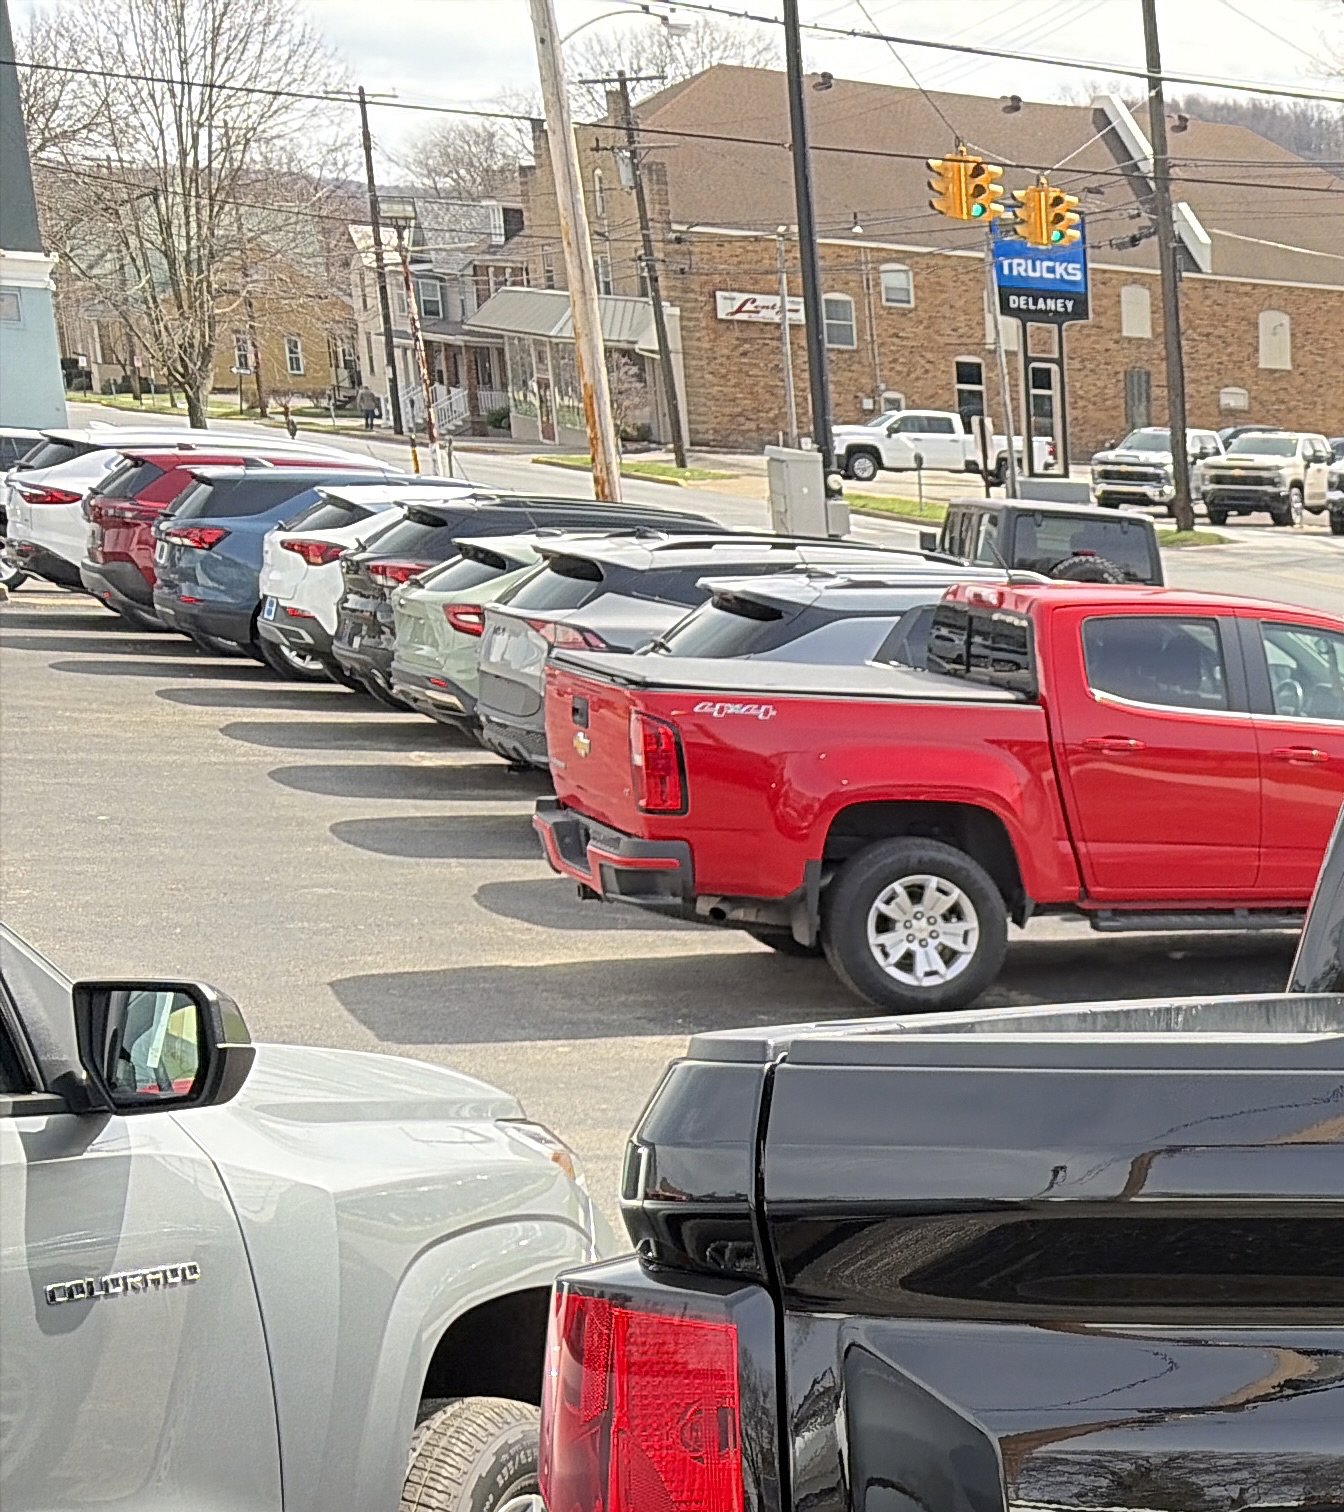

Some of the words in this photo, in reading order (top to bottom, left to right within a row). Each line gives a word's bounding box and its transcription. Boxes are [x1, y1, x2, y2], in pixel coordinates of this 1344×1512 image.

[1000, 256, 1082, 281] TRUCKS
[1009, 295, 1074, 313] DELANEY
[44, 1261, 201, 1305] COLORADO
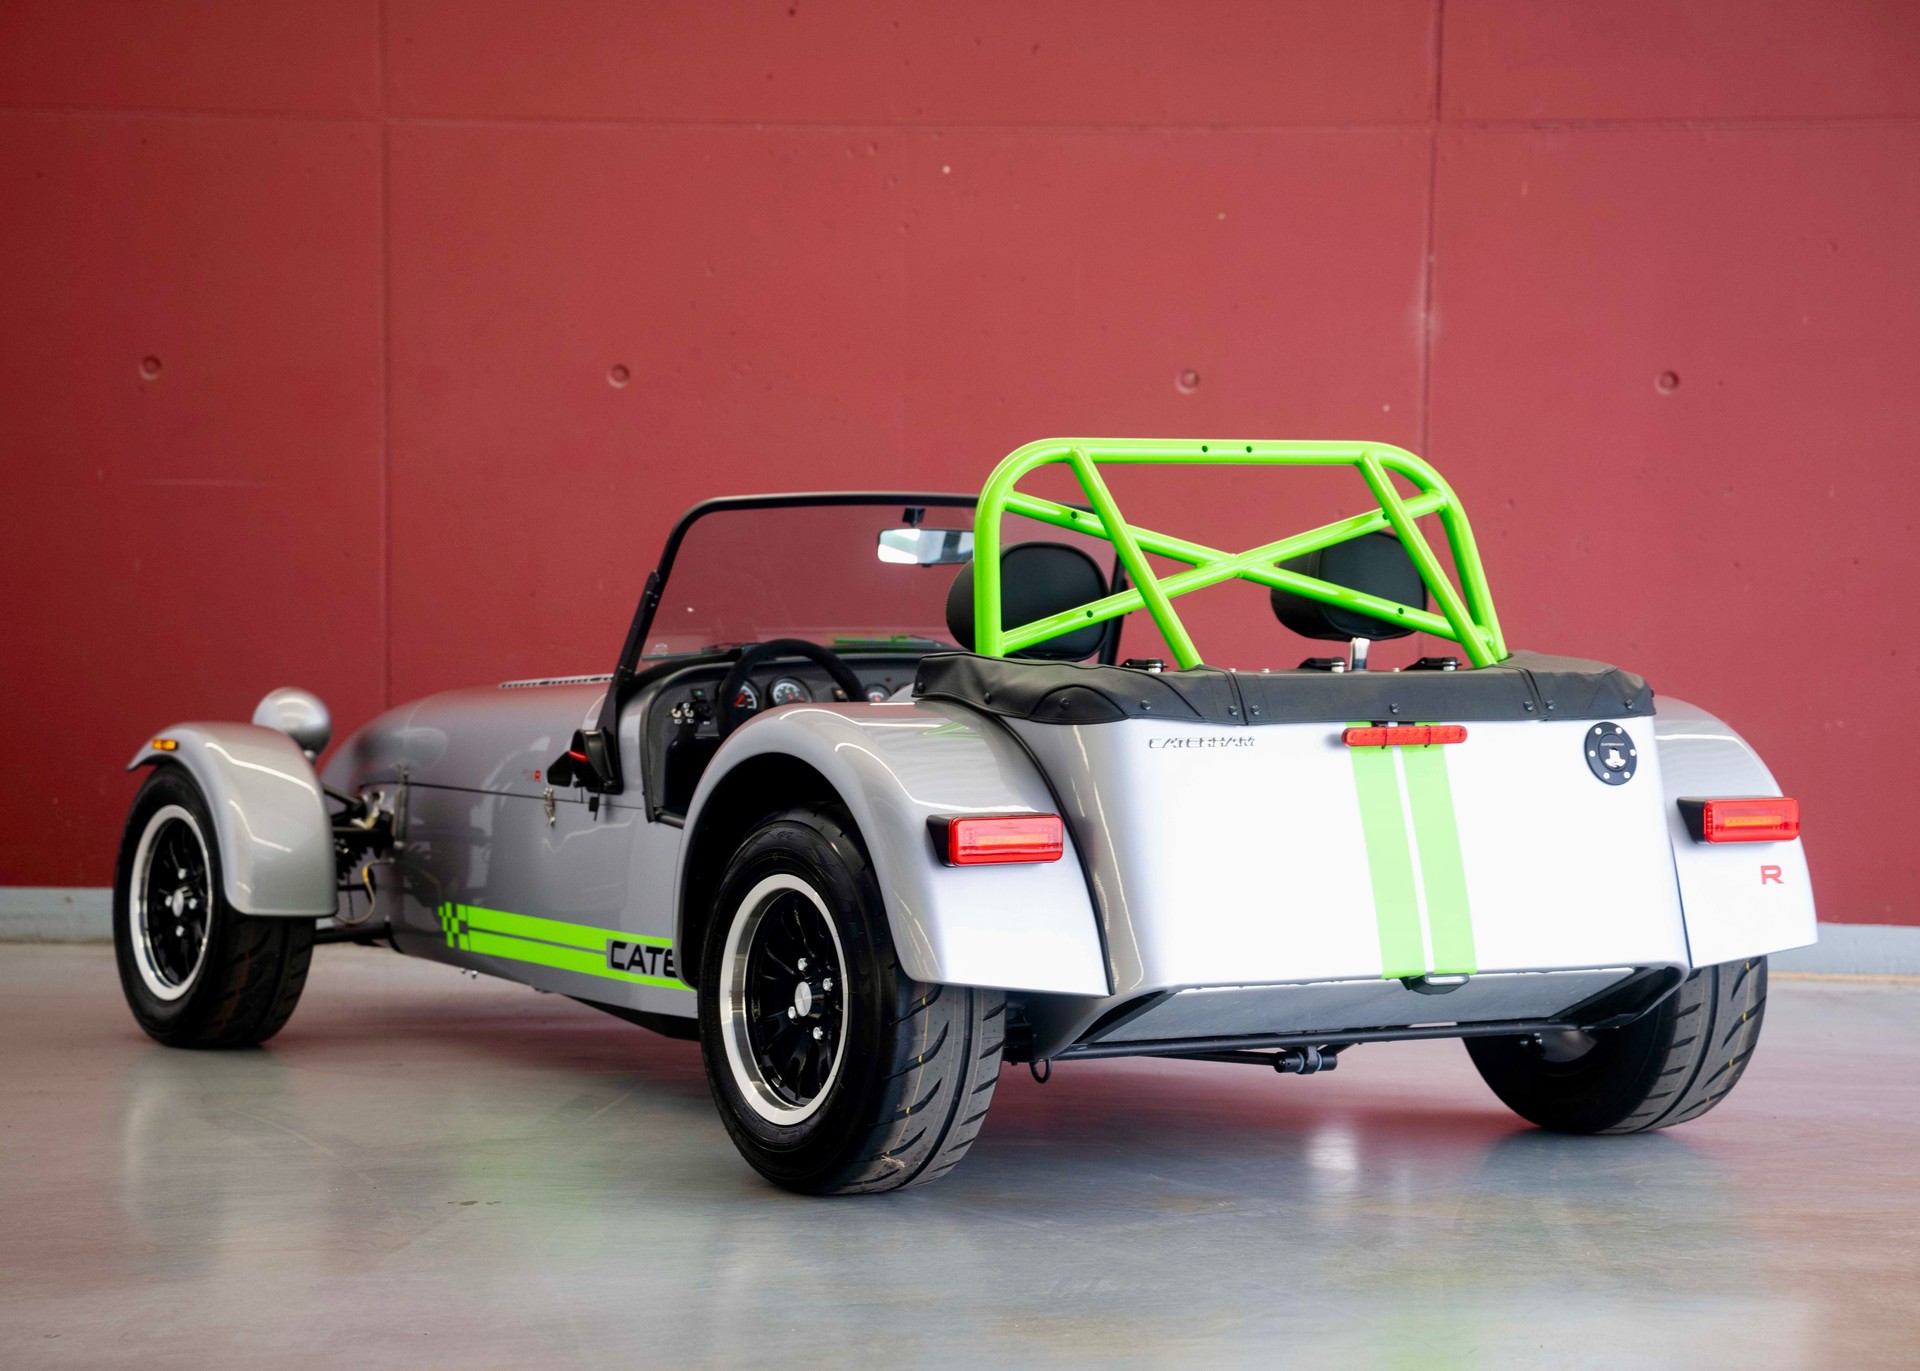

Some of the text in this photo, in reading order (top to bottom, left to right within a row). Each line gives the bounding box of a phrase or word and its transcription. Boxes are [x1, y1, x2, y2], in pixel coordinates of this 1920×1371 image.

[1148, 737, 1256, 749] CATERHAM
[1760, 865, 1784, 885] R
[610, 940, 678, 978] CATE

★ ★ ★ ★ ★

## [Work instructions]
For this exercise, write the listing out again exactly, excluding all images.

## [Completed exercise]
Some of the words in this photo, in reading order (top to bottom, left to right within a row). Each line gives a word's bounding box and its transcription. Boxes are [x1, y1, x2, y2], in pixel coordinates of this 1344×1512 image.

[1000, 256, 1082, 281] TRUCKS
[1009, 295, 1074, 313] DELANEY
[44, 1261, 201, 1305] COLORADO

Some of the text in this photo, in reading order (top to bottom, left to right within a row). Each line gives the bounding box of a phrase or word and its transcription. Boxes are [x1, y1, x2, y2], in pixel coordinates of this 1920×1371 image.

[1148, 737, 1256, 749] CATERHAM
[1760, 865, 1784, 885] R
[610, 940, 678, 978] CATE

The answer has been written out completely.